Creative report writing?Creative report writing?

You want me to be creative? Report writing is hard enough without this extra pressure!

Read our great tips below for good business report writing, and learn more about our writing courses.

Hey! Remember essay writing in school? There were some weirdos (like Jo Ellen) who loved writing essays, but for the majority of students, essay-writing was a homework-nightmare.

For some of you, report writing may be a breeze, not daunting at all. But for a lot of people those same essay-writing feelings come flooding back: "Oh my god, I've been given a report to write. Now what am I going to do?"

Homework nightmare all over again.

Something we've noticed with people who hate report writing is that they don't feel that's what they were hired to do. They were hired for their expertise, their experience, their professionalism and didn't quite take in that writing was going to be part of it all.

See, even if it's just a tiny part of it all, it can feel really, really BIG, and it's those exaggerated feelings can throw people off guard. A lot of people think of report writing as an onerous task, which is why creativity hardly gets a look in.

People huff and puff, tear their hair out, cry, leave it to the last minute, try to get someone else to do it for them. Suddenly they're under the cosh, suddenly they're going to get 'graded'.

All those feelings of inadequacy come up: What am I supposed to do? I'm going to be judged. My neck is on the line. I hate writing reports. I didn't know this was going to be such a big part of the job, etc, etc.

You might be right. That might be what's going to happen: you may very well be judged, your neck might be on the line. But it's the overwhelming feelings we're interested in because they tend to create that blank-page horror: what do I do next?

What personality?

So this is what people tend to do: they constrain themselves, they lose their unique personality, they become dull, they have to give every piece of information they have and cover all the bases, they shut down and fail to bring their information to life.

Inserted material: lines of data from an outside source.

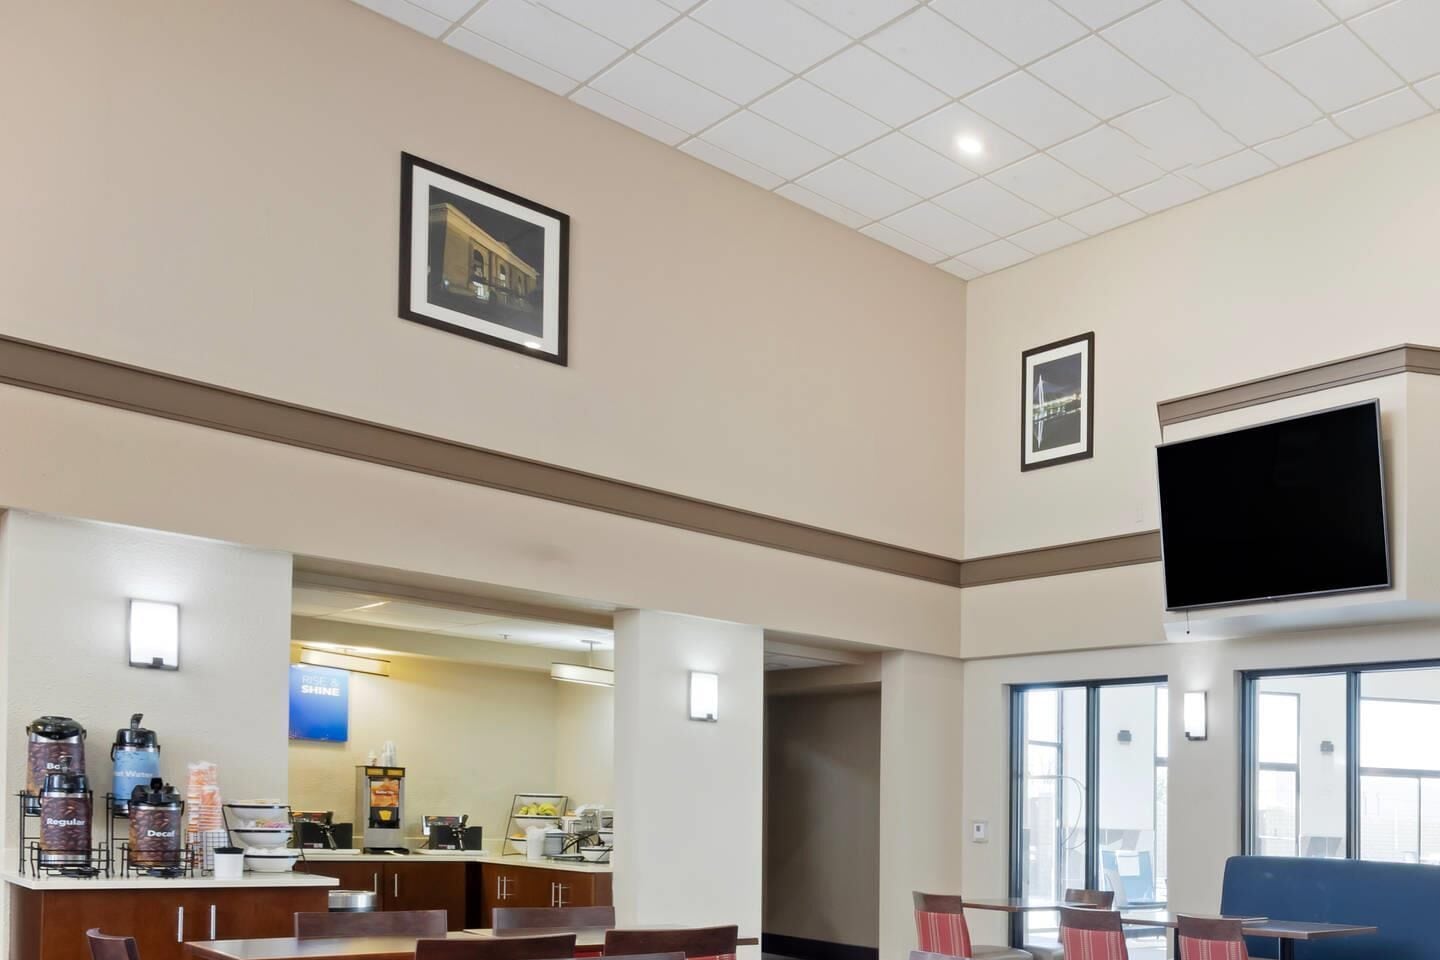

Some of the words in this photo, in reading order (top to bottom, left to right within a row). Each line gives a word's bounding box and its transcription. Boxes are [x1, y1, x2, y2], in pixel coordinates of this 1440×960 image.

[302, 675, 328, 686] RISE
[301, 684, 340, 696] SHINE
[125, 769, 153, 778] Water
[46, 817, 86, 827] Regular
[147, 829, 175, 837] Decaf

OK, maybe it isn't as dire as all that, but we do see that people tend to rely on their facts, figures and statistics to tell the story instead of them telling the story and using the facts, figures and statistics to embellish it.

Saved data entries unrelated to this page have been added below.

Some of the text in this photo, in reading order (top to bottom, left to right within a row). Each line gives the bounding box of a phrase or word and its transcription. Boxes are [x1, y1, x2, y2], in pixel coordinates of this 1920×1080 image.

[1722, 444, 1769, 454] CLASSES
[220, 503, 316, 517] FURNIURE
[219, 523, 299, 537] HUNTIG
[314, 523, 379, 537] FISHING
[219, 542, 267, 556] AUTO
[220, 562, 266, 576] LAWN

Now, of course, there are some organisations that only want the facts and figures. They like the denseness; it makes them feel they're getting what they paid for. But the reality is that in this day and age, report writing has to be more. Things are changing: an information-packed, fact-packed, dull report usually implies a dull person. Not fair, but there it is.

See, what report writing is all about is that you've taken research and information that you've gathered, you've assessed it, you've brought your expertise to, and then you have to present it to someone else so that they have the information that you have and an understanding of it so that they can then use that information.

What happens, however, if that often people feel they need to 'park' their personality and become someone else.

Whereas what you need to be doing, is taking all that information and filtering it through who you are and how you naturally express yourself.

Here's an experiment to show what we mean. Pick something you know something about: how much your favourite football team spent on new players this year, how much your council spends on policing, what percentage of your salary goes on mortgage payments/rent/groceries.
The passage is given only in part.